Another friend introduced me recently as a knowledgeable plants-women.  I challenge that description as I know from the gardening clubs I go to how limited my knowledge it but I am passionate about plants.  I love the quirky, the pretty, wonderful foliage, interesting flowers.  I get a thrill out of seeing a plant push its way through the ground in the Spring or a seedling appear or a fern frond unfurl.  But I get distracted particularly with social media – ooh what’s that plant, where can I get it, where can I grow it and so I have a garden and greenhouse full of interesting plants but the parts do not make a great whole and this is the problem.  The friend who dislikes planting by numbers and I discussed this recently.  She too is  plants-women, very knowledgeable, and her approach is that her garden is her space to do as she wishes and if the plants look a little bitty then so be it and I applaud that attitude.

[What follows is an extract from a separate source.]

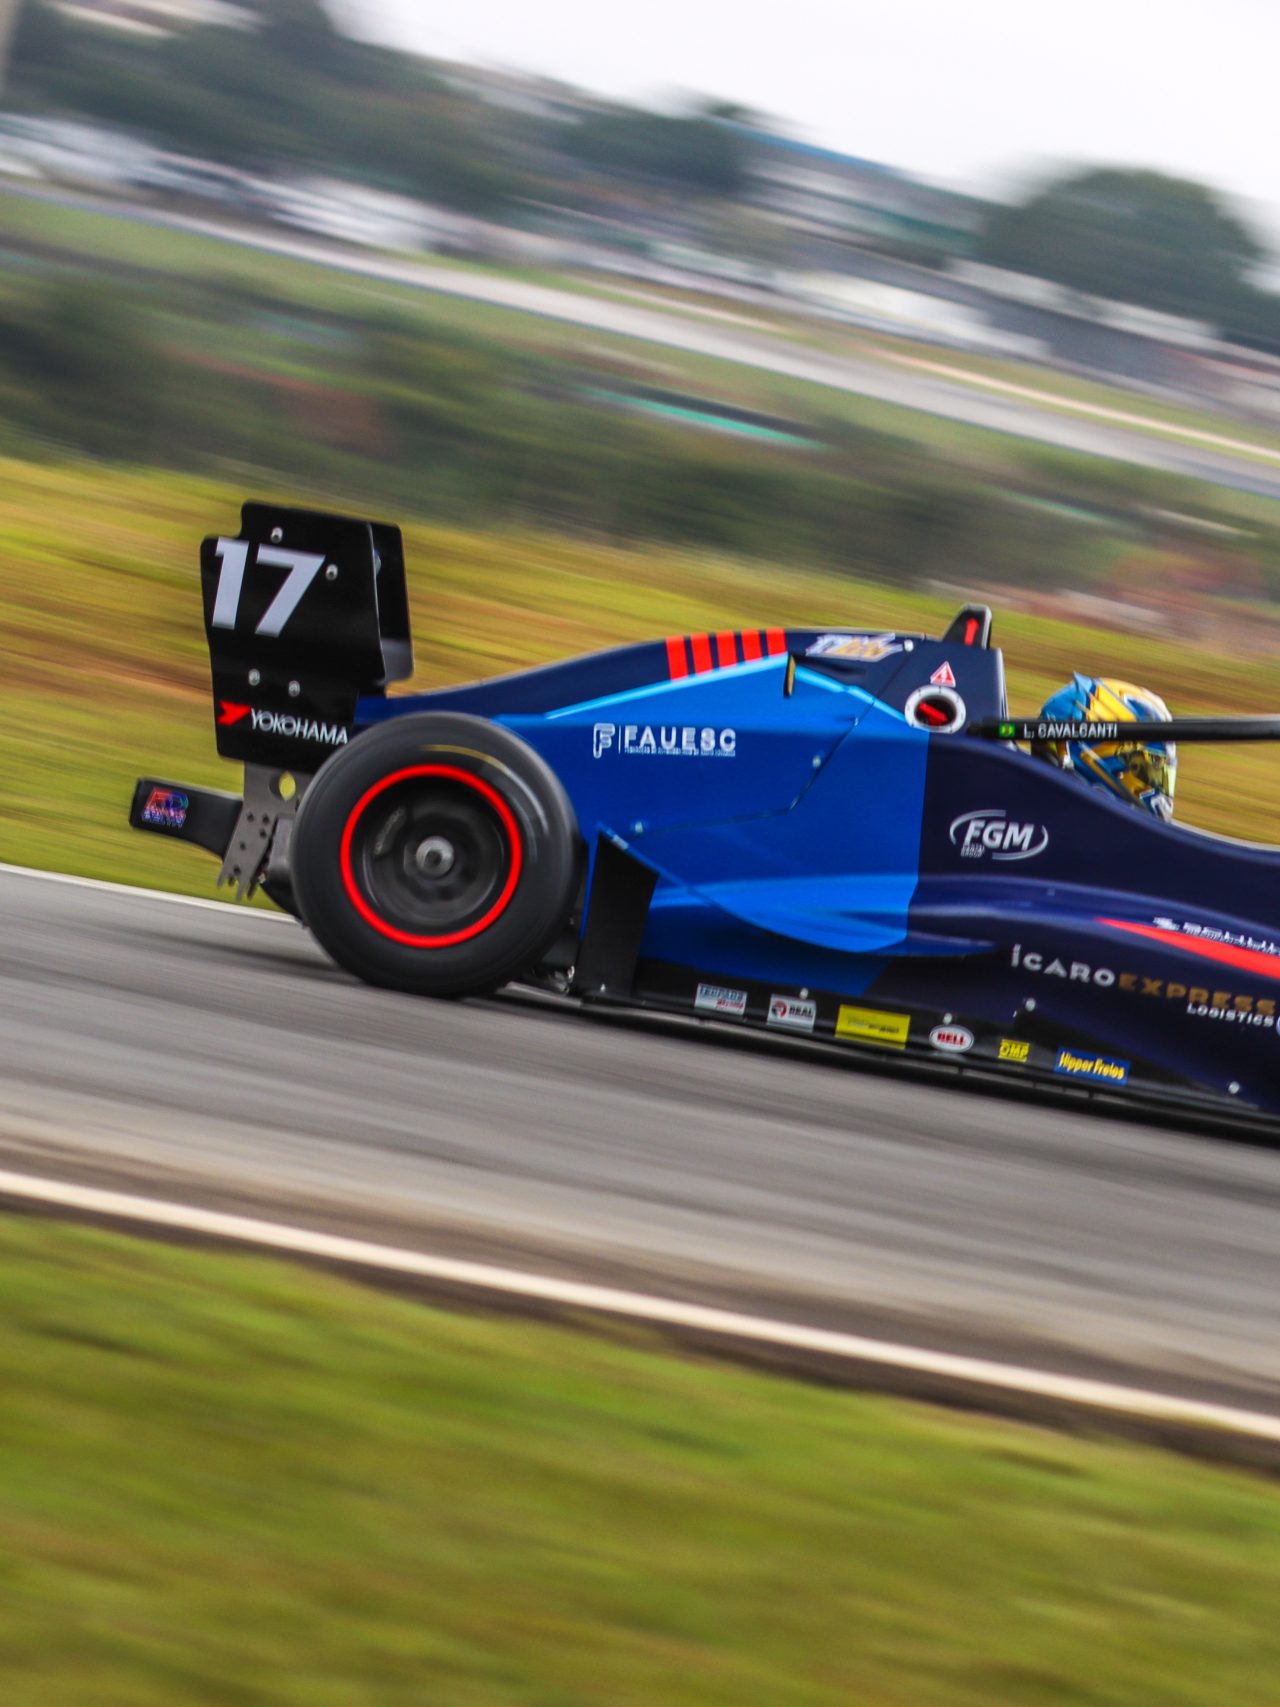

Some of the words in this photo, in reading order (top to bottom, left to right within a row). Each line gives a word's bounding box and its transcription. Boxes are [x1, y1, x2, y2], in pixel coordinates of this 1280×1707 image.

Bryan's Ground, Herefordshire

Bryan’s Ground, Herefordshire

However, and there is always an however, I don’t think this approach is working for me.  I feel constantly frustrated with the garden and so I have distracted myself with digging up more bits or entering shows.  I am frustrated because I strive for my garden to be a floriferous oasis, to be stunning, for the borders to look wonderful just like the magazines.  Of course these images have been created by people with a wealth of experience, sometimes with professional help, but also with passion and incredibly horticultural prowess and this I think is the key to it.  I need to garden better, to spend time in the garden, maintaining it, tending the plant, understanding how they grow.  A nursery woman I know always says that the remedy to most garden pests is to garden better i.e. if you grow strong plants they are less susceptible to pest damage and I think she is right.  I have recently been reading about a number of my gardening heroes all who have stunning gardens and all who are amazing plants-women but they have learnt their skills through hard work over a long length of time.

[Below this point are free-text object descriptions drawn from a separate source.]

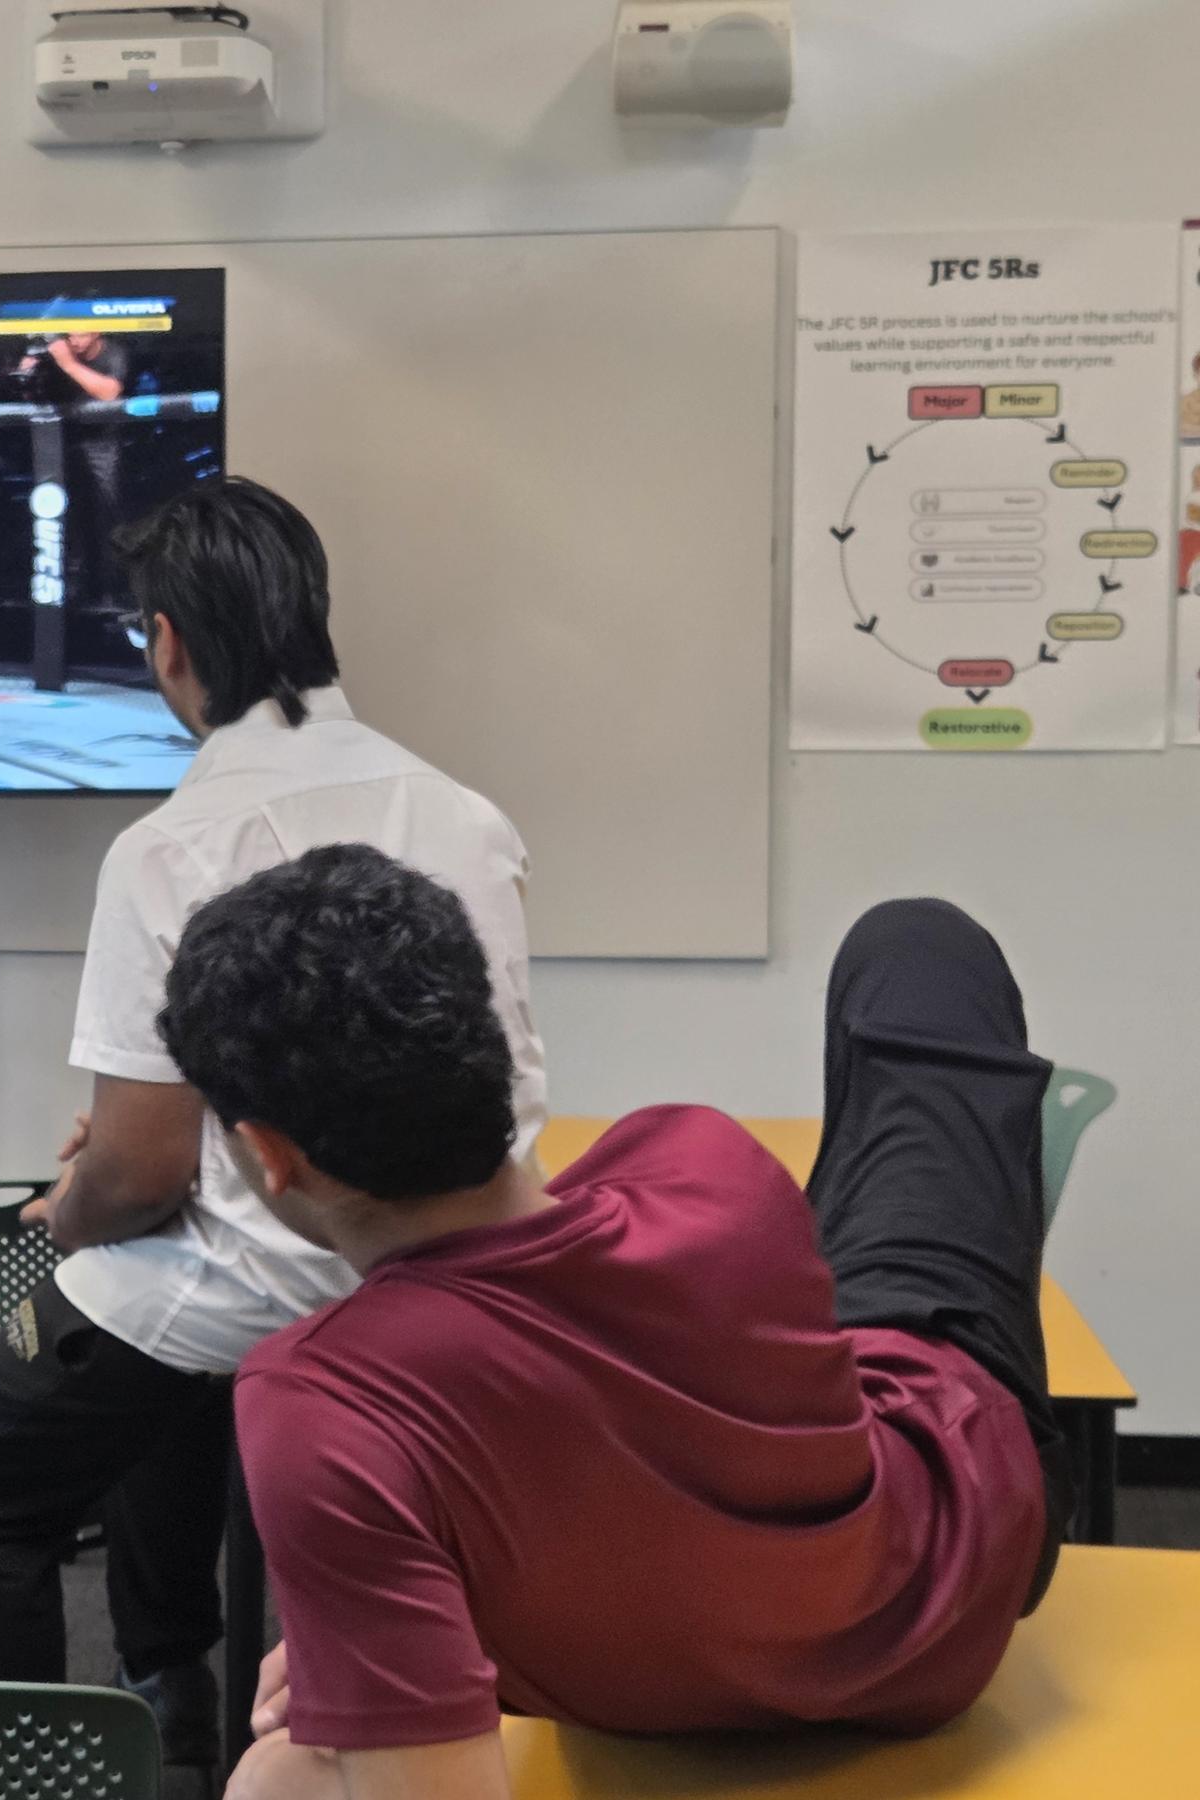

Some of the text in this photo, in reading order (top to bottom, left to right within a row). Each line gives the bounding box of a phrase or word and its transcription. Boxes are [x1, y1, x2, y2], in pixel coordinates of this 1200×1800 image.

[121, 51, 156, 60] EPSON
[928, 258, 1040, 286] JFC 5Rs
[828, 317, 856, 330] JFC
[882, 317, 942, 331] process
[945, 315, 957, 328] is
[960, 314, 997, 328] used
[1001, 314, 1017, 326] to
[1021, 314, 1079, 326] nurture
[1083, 311, 1108, 324] the
[813, 339, 862, 352] values
[866, 337, 905, 350] while
[909, 336, 992, 352] supporting
[1009, 334, 1041, 348] safe
[1044, 334, 1073, 347] and
[1077, 331, 1155, 346] respectful
[850, 360, 912, 374] learning
[914, 356, 1012, 371] environment
[1016, 355, 1037, 368] for
[923, 395, 968, 409] Major
[999, 393, 1043, 406] Minor
[929, 720, 1022, 735] Restorative

Bryan's Ground, Herefordshire

Bryan’s Ground, Herefordshire

So, a plan is forming in my mind, a sort of project – it doesn’t have a particular object as an outcome, it won’t be achieved this year, or probably for some years.  It is more an aspiration or objective and the other evening on the way home the phrase ‘The Impossibly Pretty Project’ came into my mind and days later I still like it.  The name can be taken two ways.  You sometimes hear the expression ‘impossibly pretty’ used in the sense that it impossible for something/someone to be as pretty as they/it are but also you could read it in the sense that the project will be impossible – although I hope not. The images on this post are of various gardens I love and enjoy and you will see there is a certain look that appeals to me which I suppose is something between a Cottage Garden and the archetypal English Country Garden.  I particularly like the herbaceous borders and this is where I get stuck.  I don’t want to create a herbaceous border in the true sense of the word but it is the herbaceous part of a mixed border that I struggle with.  I have the trees and shrubs but I struggle to work out how to make the perennials, biennials, annuals and bulbs to work together.

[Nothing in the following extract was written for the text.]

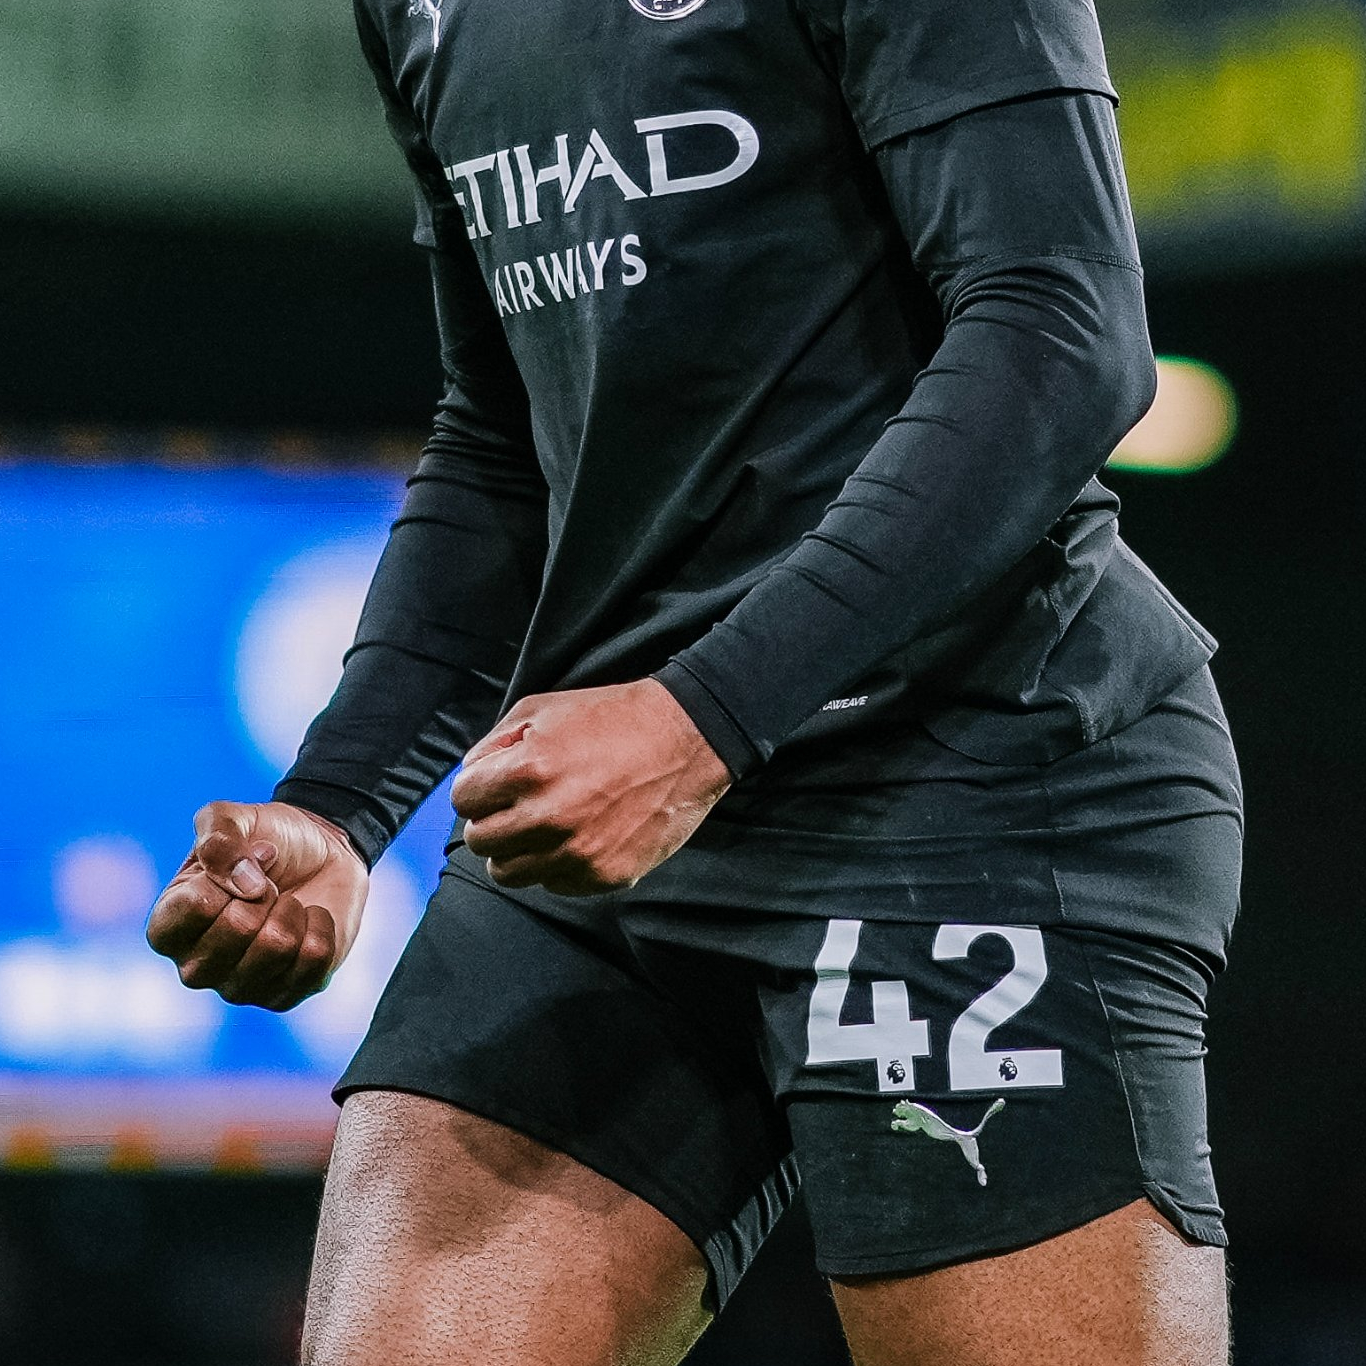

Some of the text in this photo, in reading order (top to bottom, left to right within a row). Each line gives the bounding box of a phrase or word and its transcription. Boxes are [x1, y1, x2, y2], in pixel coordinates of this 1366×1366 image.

[494, 233, 648, 318] AIRWAYS
[822, 695, 869, 711] AWEAVE
[805, 918, 1064, 1092] 42

East Lambrook Gardens, Somerset

East Lambrook Gardens, Somerset

Whilst I like interesting foliage I will never be comfortable in an exotic style garden as if I list my favourite plants the list starts: Peonies, Iris, Roses, Daffodils, Primulas, Aquilegias hardly the components of an exotic garden.  Having created the Hardy Exotic Boarder which I like I have realised that the plants don’t excite me as much as the above.  I want to create a sense of enclosure, of privacy, and escapism.  As a basis to this I need to build up the shrubby planting around the boundaries but with the distant view of the Malvern still there.  Then I want to learn how to plant my borders properly and this is the real challenge.  I can grow plants but I am just rubbish at combining them.  I don’t think I do too bad with colours and textures and having a slight artistic bent I can understand that but it is how to get a fulsome appearance without the plants all smothering each other one way or another.  I think the key to this, as I have said, is being more hands on – staking properly and dividing regularly but also learning how each plant grows and how it will impact on its neighbours.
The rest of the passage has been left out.